Seu emprego vai acabar

Seu emprego vai acabar

O que você sentiu ao ler o título desse texto? Curiosidade? Angústia? Desespero? Calma, calma. Não vim aqui anunciar qualquer tragédia. Este artigo não fala sobre a desaceleração econômica que estamos vivenciando nem dos impactos que ela tem gerado em nossa sociedade

Não ia, mas preciso falar… só um pouco

As baixas taxas de crescimento do país são uma realidade. Um exemplo disso é quando as pessoas passam a consumir menos, diminuindo a demanda em alguns setores produtivos, como o comércio. Vendendo menos, as empresas passam a ter menos lucro e precisam reduzir gastos, sendo uma de suas estratégias o corte de pessoal. Desemprego passa a ser a palavra mais temida por todos.

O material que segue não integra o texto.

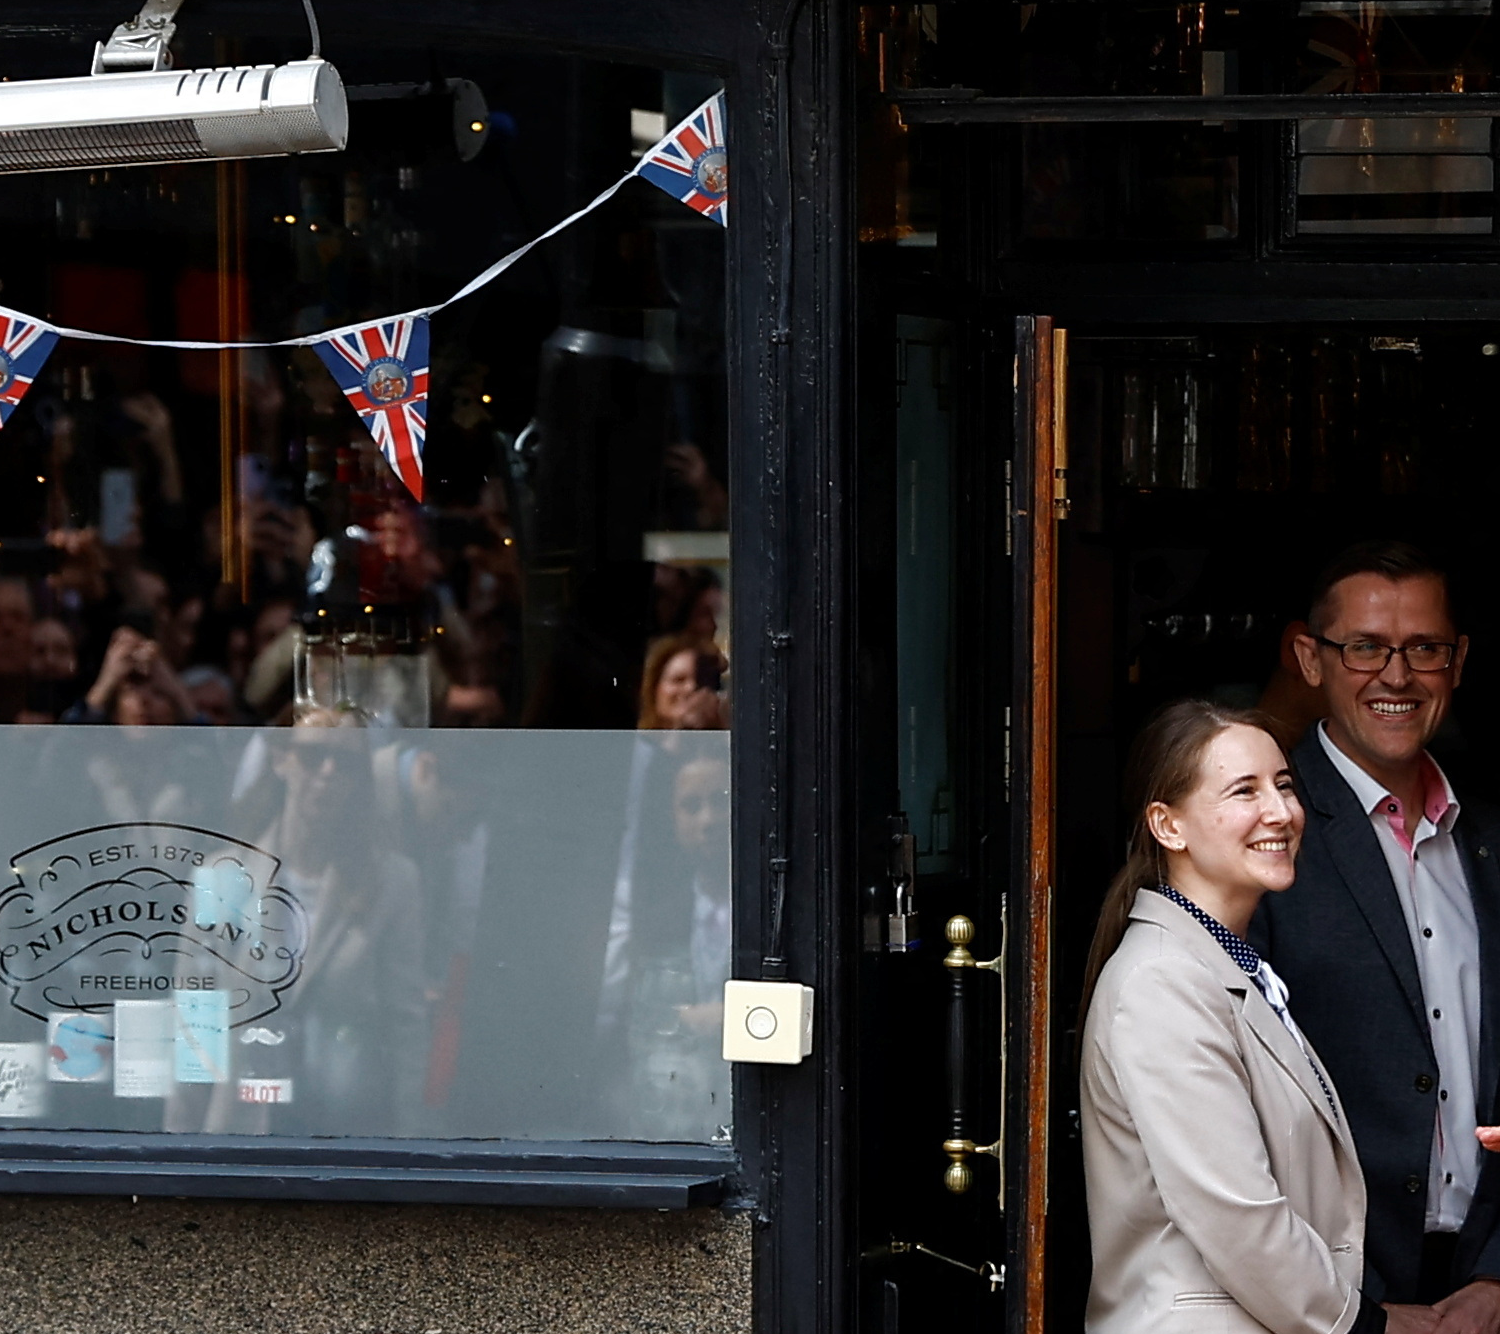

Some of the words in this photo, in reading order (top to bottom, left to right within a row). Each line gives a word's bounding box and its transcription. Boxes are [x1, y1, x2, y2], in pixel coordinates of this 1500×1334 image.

[88, 843, 139, 867] EST.
[151, 845, 206, 867] 1873
[79, 974, 216, 991] FREEHOUSE

Porém, você já parou para pensar na possibilidade de a queda nas taxas de emprego ser uma tendência social não necessariamente relacionada a uma crise econômica?

Explicando…

Já em 1999, Domenico de Masi abordou em seu livro “O futuro do trabalho – fadiga e ócio na sociedade pós-industrial” que, com a inserção da tecnologia nas organizações, “é necessário cada vez menos trabalho humano para construir cada vez mais objetos e fornecer cada vez mais serviços”.

 As chamadas TICs (Tecnologias da Informação e Comunicação) entraram nas organizações por volta de 1970, causando uma nova Revolução, chamada Terceira Revolução Industrial, onde a informática, a robótica e as telecomunicações, entre outras tecnologias, possibilitaram rápidos avanços no desenvolvimento dos setores produtivos da sociedade e também a expansão das empresas em níveis globais. Em diversos setores produtivos houve a gradual substituição do homem pelas máquinas.

Então a tendência é que a tecnologia substitua todo trabalho feito pelo homem?

Não é bem assim. Os postos de trabalho não irão acabar. O que tem passado por mudanças e, tendencialmente, passará ainda mais, é o que conhecemos hoje com emprego. A relação do homem com o trabalho vem se transformando ao longo dos anos, adequando-se às mudanças cada vez mais rápidas que acontecem no mundo. Veja, a seguir, algumas tendências para o futuro do trabalho:

 1. Os avanços tecnológicos e a globalização irão possibilitam o trabalho fora dos atuais limites de tempo e espaço, exigindo competências profissionais como autonomia, responsabilidade, automonitoramento, flexibilidade e criatividade. Isso já vem acontecendo atualmente. Conceitos como trabalho remoto, home office e nômades digitais estão cada vez mais presentes no dia-a-dia das pessoas.

2. Sem precisar se deslocar para um local fixo de trabalho, os profissionais ganham tempo livre para o lazer, educação ou até mesmo para desenvolver carreiras paralelas. A reportagem de capa da revista Você S/A de julho de 2013 mostrou o crescente número de pessoas que iniciam uma carreira paralela. Seja para profissionalizar um hobbie, ampliar a renda, ter um plano B para a aposentadoria ou até mesmo focar em uma possível mudança de carreira, cada vez mais pessoas escolhem ter mmais de uma atividade profissional.

3. As novas formas de produção estimulam a contratação por projetos, e não mais por cargos. O tradicional contrato de trabalho por tempo indeterminado dá lugar a diferentes e flexíveis formas de contratação, aumentando o número de profissionais autônomos, microempreendedores e freelancers. Com a descentralização do trabalho, as hierarquias ficam mais flexíveis. Os profissionais são cobrados por produtividade, não mais por carga horária.

Estas são apenas algumas transformações pelas quais já estamos passando e que ainda serão intensificadas nos próximos anos. Como toda mudança, a propensão inicial é de que seja percebida como algo negativo, uma ameaça ao atual modelo social. Porém, tais tendências irão transformar a nossa relação com o trabalho. Ela torna-se mais prazerosa, vira fonte de realização pessoal e proporciona maior qualidade de vida.

 E você? Já pensou em como poderá ser seu trabalho daqui a alguns anos?